Legislation has been reintroduced that would remove the Federal Trade Commission’s antitrust enforcement authority and give it to the U.S. Department of Justice.

U.S. Representative Ben Cline (R-Virginia) introduced the One Agency Act last week. The FTC and the DOJ have shared antitrust jurisdiction for more than 100 years, but conservatives are jumping aboard President Donald Trump’s plan to streamline government.

"Consolidating antitrust authority under the Department of Justice is an efficiency measure that is going to improve antitrust oversight," Cline said in a Reuters story.


Bork | File photo

The DOJ has sole antitrust authority over some industries, and the others are split among the two agencies. Cline’s bill would combine the FTC’s Bureau of Competition with the DOJ’s antitrust division.

The bill was first proposed in 2020 by U.S. Senator Mike Lee (R-Utah), who is expected to lead the Senate Judiciary’s antitrust subcommittee.

“Rep. Cline’s legislation achieves the same goal as my One Agency Act, and I support it,” Lee told Legal Newsline. “For too long, our two-headed antitrust enforcement system has suffered from bureaucratic in-fighting, delays, redundancies, and inconsistency.

“Competition is too important to tolerate these problems any longer, especially when they allow sophisticated players to game the system to their own advantage and avoid accountability for engaging in anticompetitive behavior.”

The president of the Antitrust Education Project says competition usually is a good thing.

“Competition fuels our choices,” Robert H. Bork Jr. told Legal Newsline. “The striving to win the loyalty of consumers gives us better running shoes, smartphones, cars with seat warmers and Pez dispensers with the heads of Marvel superheroes.

“There is, however, one area that is not improved by competition – the government. When two government agencies do largely the same thing, it doesn’t result in competitive efficiency. In the marketplace, the public can vote with their dollars for the best car or clothes. What the government produces, the public has to take – and take all of it.
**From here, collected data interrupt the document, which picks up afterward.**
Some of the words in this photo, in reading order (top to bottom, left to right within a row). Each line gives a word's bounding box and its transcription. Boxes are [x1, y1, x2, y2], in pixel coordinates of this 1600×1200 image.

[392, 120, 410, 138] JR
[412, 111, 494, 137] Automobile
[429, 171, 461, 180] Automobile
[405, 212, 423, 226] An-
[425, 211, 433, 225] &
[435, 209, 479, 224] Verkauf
“Lately, the public has been taking losses in court and the murder of economic opportunity from the two agencies charged with antitrust enforcement power – the Department of Justice Antitrust Division and the Federal Trade Commission.”
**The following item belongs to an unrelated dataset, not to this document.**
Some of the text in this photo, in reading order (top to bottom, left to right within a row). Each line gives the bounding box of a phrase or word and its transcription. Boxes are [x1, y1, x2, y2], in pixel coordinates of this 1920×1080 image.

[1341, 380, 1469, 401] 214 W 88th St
Bork said Cline’s One Agency Act brings a “businesslike perspective” to federal antitrust policy.

“This bill targets the Federal Trade Commission’s Bureau of Competition, funded by $213 million and employs 700 full-time economists, lawyers, analysts and support staff,” Bork said. “Under Rep. Cline’s One Agency Act, the Bureau of Competition would be folded in with the Justice Department’s Antitrust Division. There would be just one source of federal antitrust analysis and enforcement for Congress to oversee and courts to deal with.”

Bork also cited the efficiency aspect of the bill, but he said it will improve antitrust oversight.
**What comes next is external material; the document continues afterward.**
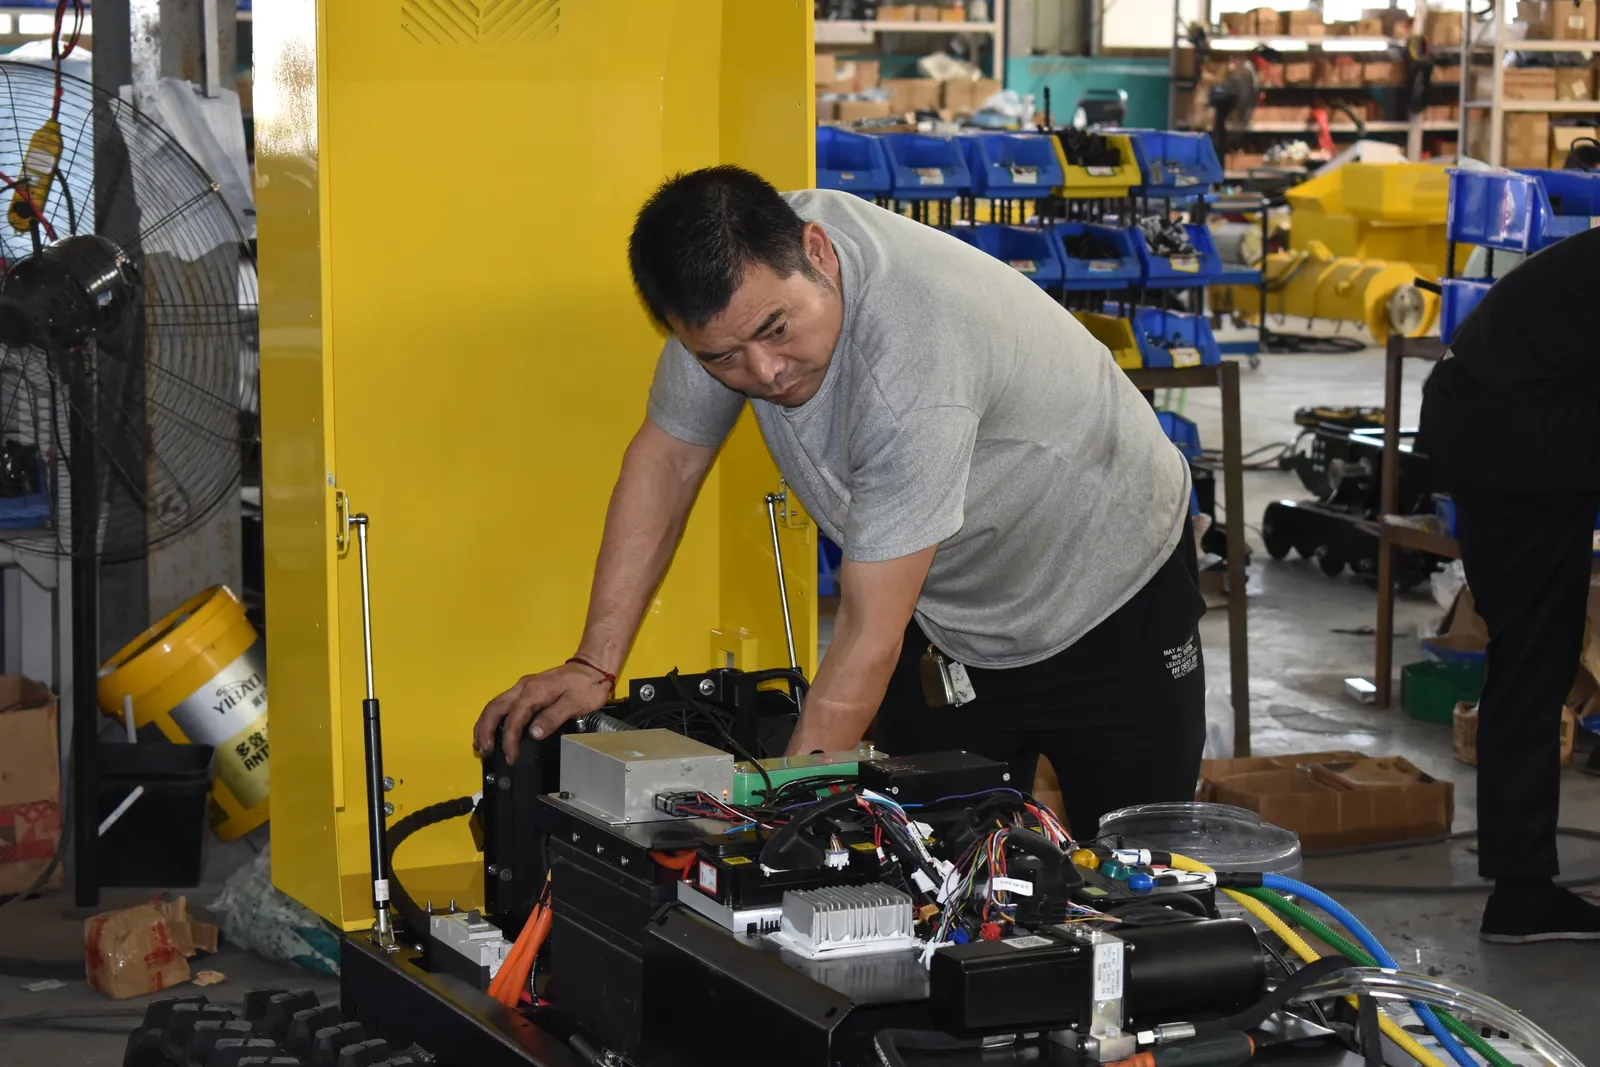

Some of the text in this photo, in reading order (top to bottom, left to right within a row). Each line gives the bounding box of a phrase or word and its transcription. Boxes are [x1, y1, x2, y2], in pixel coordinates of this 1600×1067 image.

[1163, 648, 1176, 656] MAY
[1171, 652, 1183, 660] WHO
[1165, 658, 1181, 669] LEAVE
[235, 724, 268, 760] 多效
“(Cline’s) bill might also encourage respect for the consumer welfare standard as the North Star of antitrust, instead of injecting ideology and economic inefficiency, as the FTC did under Chair Lina Khan,” Bork said. “Sen. Mike Lee, who proposed a One Agency measure in the recent past, is ideally positioned to drive the One Agency Act in the Senate as the new chairman of the Judiciary Committee’s antitrust subcommittee.”

Bork encouraged lawmakers to take action quickly.

“Passing the One Agency Act would be an early win for the 119th Congress,” Bork said.